Thursday, November 11, 2010

I used to overlook Veteran's Day. If it didn't get me out of school, then it ranked dangerously low as a priority. I didn't beg my parents to put out the American flag, hug my relatives for their services to the country or even verbally acknowledge the day. It just was.

Then, of course, you lose people, and you start to think, start to look beyond the shallow confines of your own little world. Veterans Day hit me hard this year.

Both my grandfather and his brother served in World War II, and both came back different people. My grandfather never talked about the war, what he'd seen or what he did. It was a topic that we - the grandchildren - respectfully avoided, though we were always itching to know the details. My Great-Uncle Oz, however, loved to rehash his glory days. He killed for his country, and he was proud to tell anyone while showing off his spoils from war (an old German Luger and a Hitler Youth Knife, both of which we still have).
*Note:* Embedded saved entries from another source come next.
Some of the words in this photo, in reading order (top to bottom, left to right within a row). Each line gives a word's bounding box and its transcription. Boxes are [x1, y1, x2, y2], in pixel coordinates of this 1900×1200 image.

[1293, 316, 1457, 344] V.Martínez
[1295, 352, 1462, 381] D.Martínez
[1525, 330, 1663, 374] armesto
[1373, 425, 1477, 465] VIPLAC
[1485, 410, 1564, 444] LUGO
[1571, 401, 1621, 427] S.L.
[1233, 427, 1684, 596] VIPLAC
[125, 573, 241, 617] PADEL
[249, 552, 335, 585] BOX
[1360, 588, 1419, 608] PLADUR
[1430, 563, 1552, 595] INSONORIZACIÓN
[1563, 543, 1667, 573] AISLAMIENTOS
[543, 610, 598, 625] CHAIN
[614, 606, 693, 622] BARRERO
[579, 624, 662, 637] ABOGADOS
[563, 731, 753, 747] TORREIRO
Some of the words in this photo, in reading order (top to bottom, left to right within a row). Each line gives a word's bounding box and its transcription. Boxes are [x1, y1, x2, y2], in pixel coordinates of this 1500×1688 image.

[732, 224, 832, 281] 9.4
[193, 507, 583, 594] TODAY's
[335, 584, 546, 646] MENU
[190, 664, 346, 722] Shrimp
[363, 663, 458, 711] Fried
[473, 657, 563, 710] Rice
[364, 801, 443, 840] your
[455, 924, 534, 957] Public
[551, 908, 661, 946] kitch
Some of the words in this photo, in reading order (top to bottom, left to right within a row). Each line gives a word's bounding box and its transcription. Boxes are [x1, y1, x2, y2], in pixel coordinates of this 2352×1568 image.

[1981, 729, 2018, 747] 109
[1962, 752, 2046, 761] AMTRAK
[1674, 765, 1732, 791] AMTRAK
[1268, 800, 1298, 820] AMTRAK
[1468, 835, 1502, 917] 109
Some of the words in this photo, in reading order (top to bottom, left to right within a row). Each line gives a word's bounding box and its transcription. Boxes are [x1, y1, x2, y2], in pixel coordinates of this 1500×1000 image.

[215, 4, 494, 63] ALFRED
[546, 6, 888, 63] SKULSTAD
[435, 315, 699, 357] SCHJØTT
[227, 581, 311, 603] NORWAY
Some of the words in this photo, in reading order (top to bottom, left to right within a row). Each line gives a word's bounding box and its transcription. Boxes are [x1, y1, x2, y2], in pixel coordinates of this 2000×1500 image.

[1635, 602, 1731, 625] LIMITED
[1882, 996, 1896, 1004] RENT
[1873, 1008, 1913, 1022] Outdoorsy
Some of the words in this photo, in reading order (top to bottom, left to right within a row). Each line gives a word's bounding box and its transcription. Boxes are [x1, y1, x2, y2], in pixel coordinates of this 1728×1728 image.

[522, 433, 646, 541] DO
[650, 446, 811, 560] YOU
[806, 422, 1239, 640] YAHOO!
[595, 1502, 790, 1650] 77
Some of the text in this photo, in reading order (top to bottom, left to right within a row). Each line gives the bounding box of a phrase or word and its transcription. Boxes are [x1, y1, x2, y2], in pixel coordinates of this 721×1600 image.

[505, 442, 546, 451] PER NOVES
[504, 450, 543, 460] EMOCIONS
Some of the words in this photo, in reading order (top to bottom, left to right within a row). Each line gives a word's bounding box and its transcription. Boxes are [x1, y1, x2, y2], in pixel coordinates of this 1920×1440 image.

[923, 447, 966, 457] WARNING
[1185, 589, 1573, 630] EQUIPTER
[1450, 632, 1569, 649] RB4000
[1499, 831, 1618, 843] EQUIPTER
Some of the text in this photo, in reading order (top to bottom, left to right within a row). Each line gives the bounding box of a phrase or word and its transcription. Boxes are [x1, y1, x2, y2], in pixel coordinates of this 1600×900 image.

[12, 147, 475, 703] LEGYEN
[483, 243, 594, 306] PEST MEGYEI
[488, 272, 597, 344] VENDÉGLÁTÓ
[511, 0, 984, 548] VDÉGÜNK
I used to resent how quiet my grandfather was about the whole thing. Partly because of how exclusive the knowledge was (I'll still never know; my grandmother has aggressive dementia and mostly just talks to herself, and my mom and uncles don't know much about what happened either) and also because I felt like we were too close to each other to keep secrets.

Now that he's gone (he fought hard, but the cancer fought harder), I realize all the things he did share with me have been taken for granted. There are so many things that he taught and told me, things I didn't think about at the time because I was just a selfish little kid. And I wonder if he were here now, would be be proud of the person I've become?

I love and miss you, Glenwood Adams. 













1 comment:

  1. Beautiful. I hope you share with your family. This is a treasure.